[[ Provided records, beginning ]]
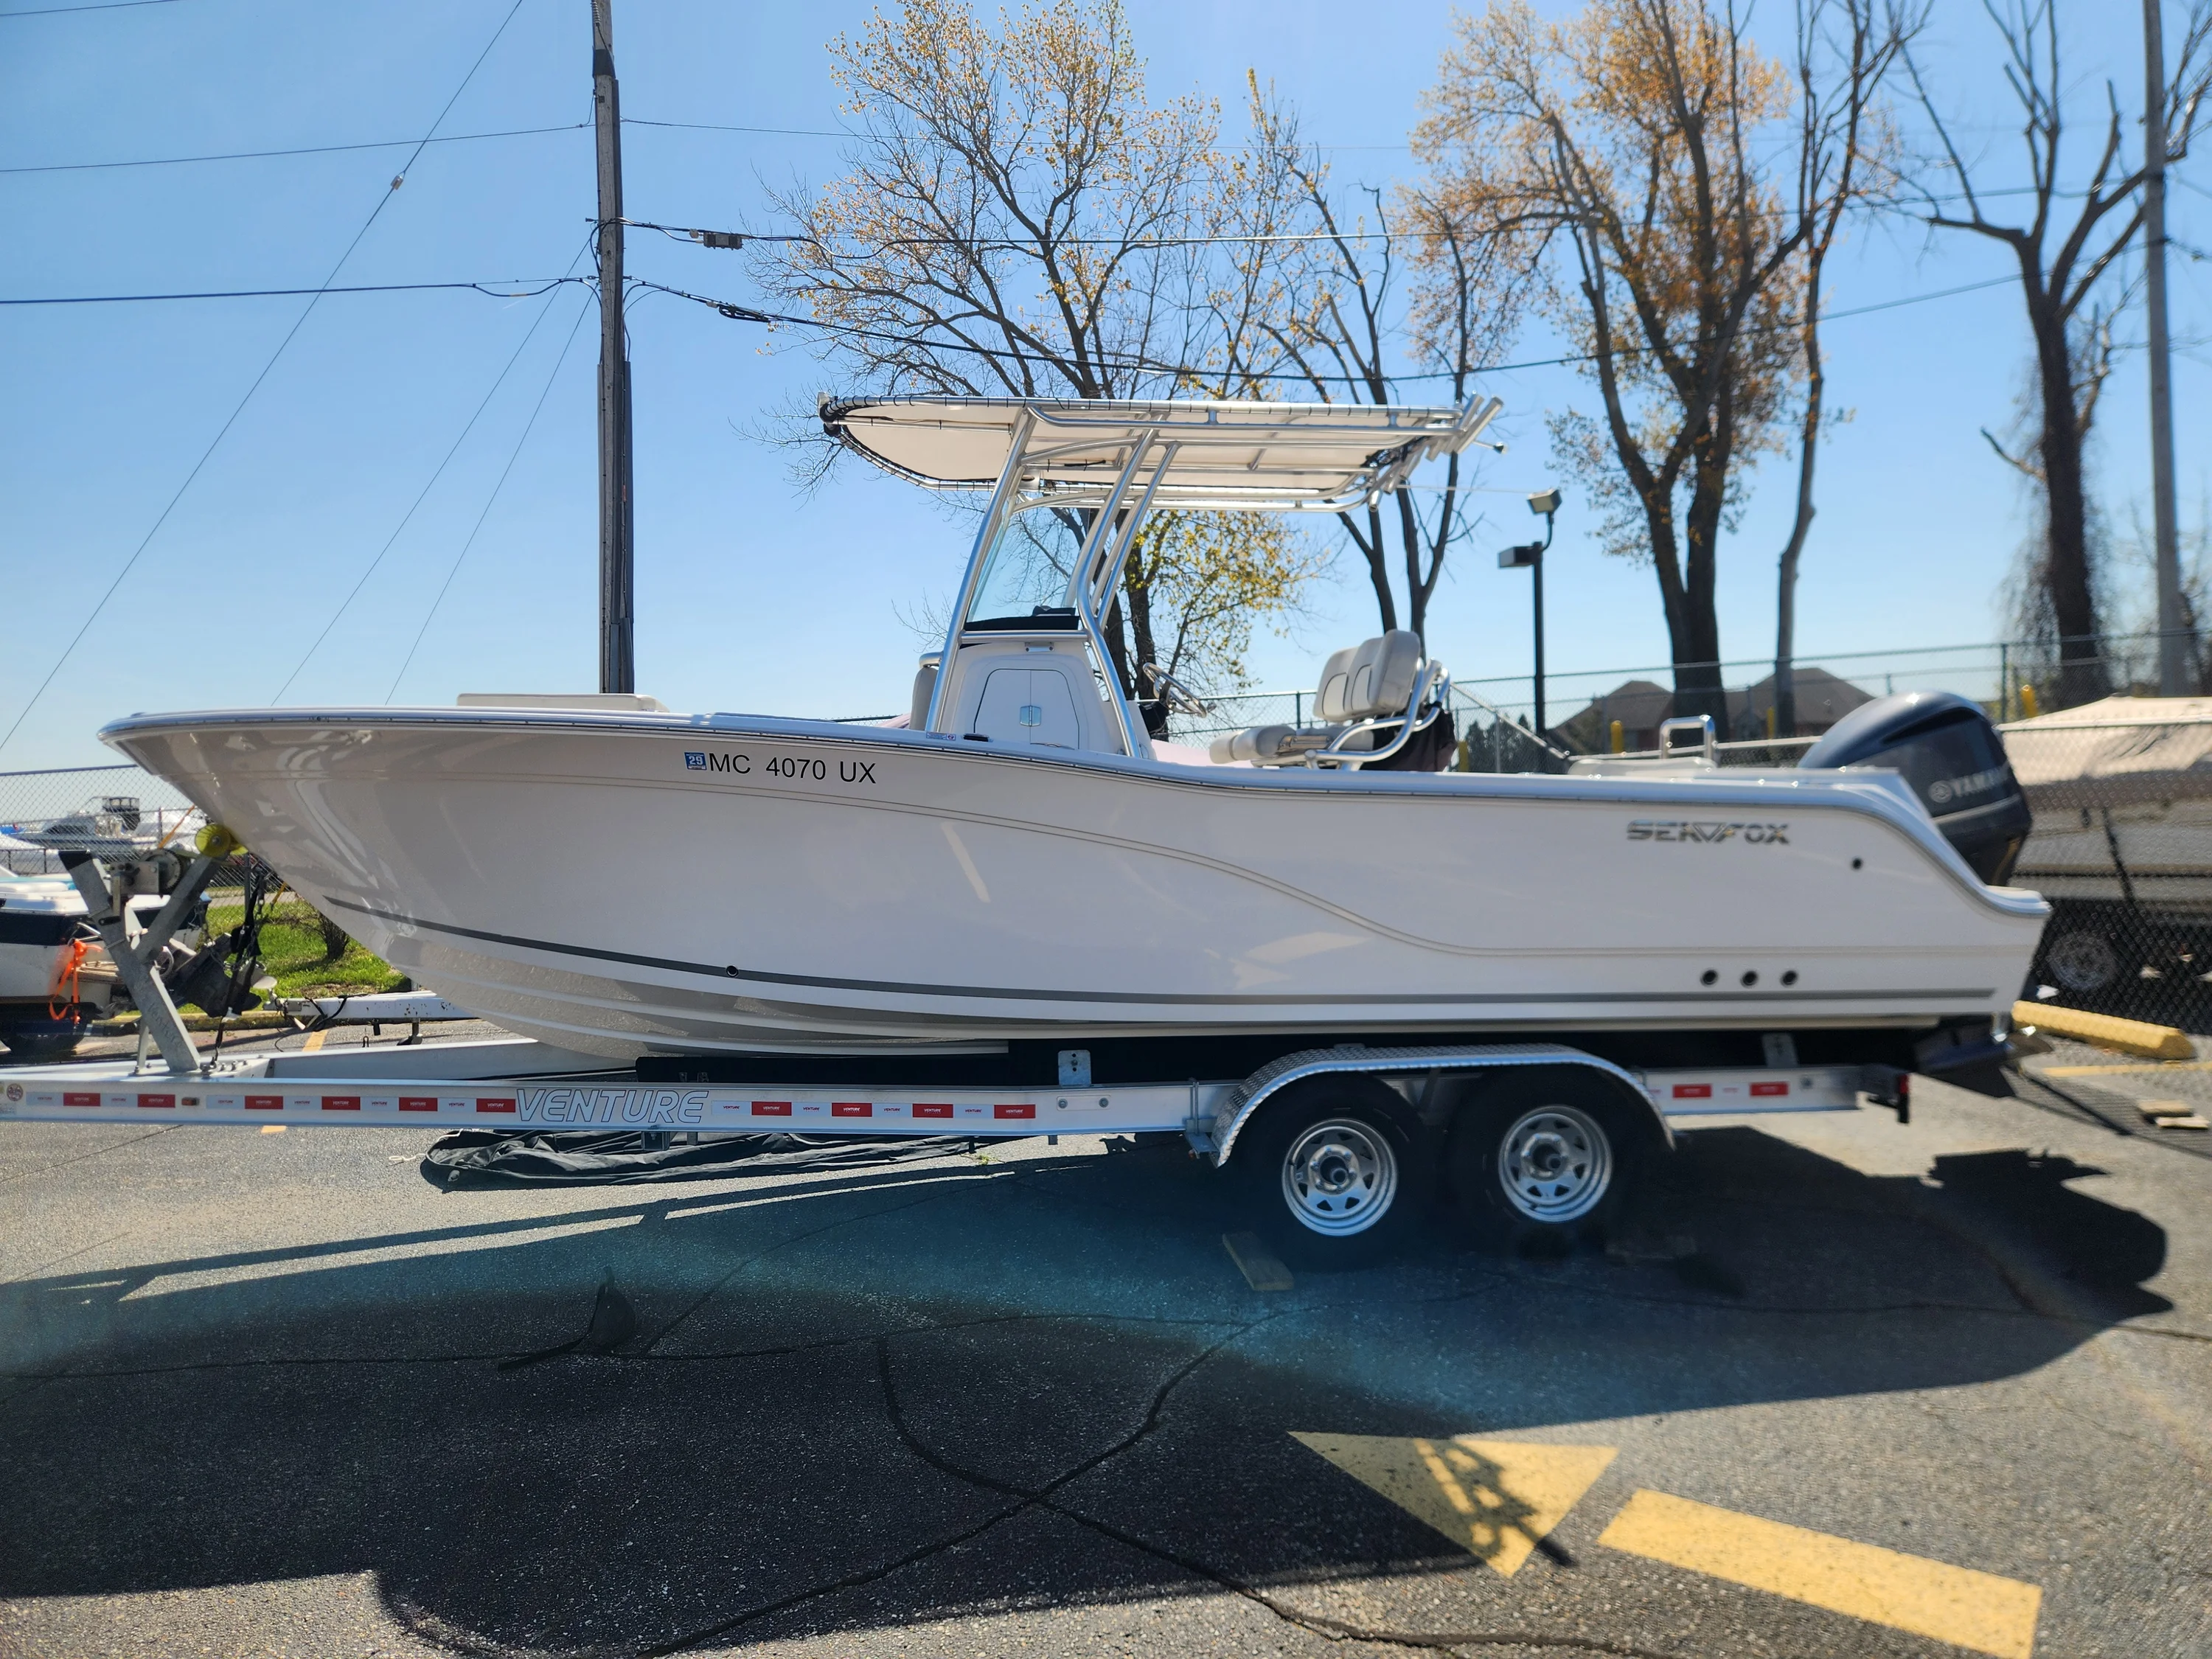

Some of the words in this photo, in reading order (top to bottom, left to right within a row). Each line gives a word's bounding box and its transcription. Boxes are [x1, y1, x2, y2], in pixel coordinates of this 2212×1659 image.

[689, 756, 703, 765] 29
[709, 753, 751, 774] MC
[765, 757, 827, 780] 4070
[840, 761, 877, 784] UX
[516, 1088, 709, 1123] VENTURE
[[ Provided records, end ]]
→ Task description:
From the first line to the last, give the data again exactly, but without pictures.

→ Finished task:
Some of the words in this photo, in reading order (top to bottom, left to right within a row). Each line gives a word's bounding box and its transcription. Boxes are [x1, y1, x2, y2], in pixel coordinates of this 2212×1659 image.

[689, 756, 703, 765] 29
[709, 753, 751, 774] MC
[765, 757, 827, 780] 4070
[840, 761, 877, 784] UX
[516, 1088, 709, 1123] VENTURE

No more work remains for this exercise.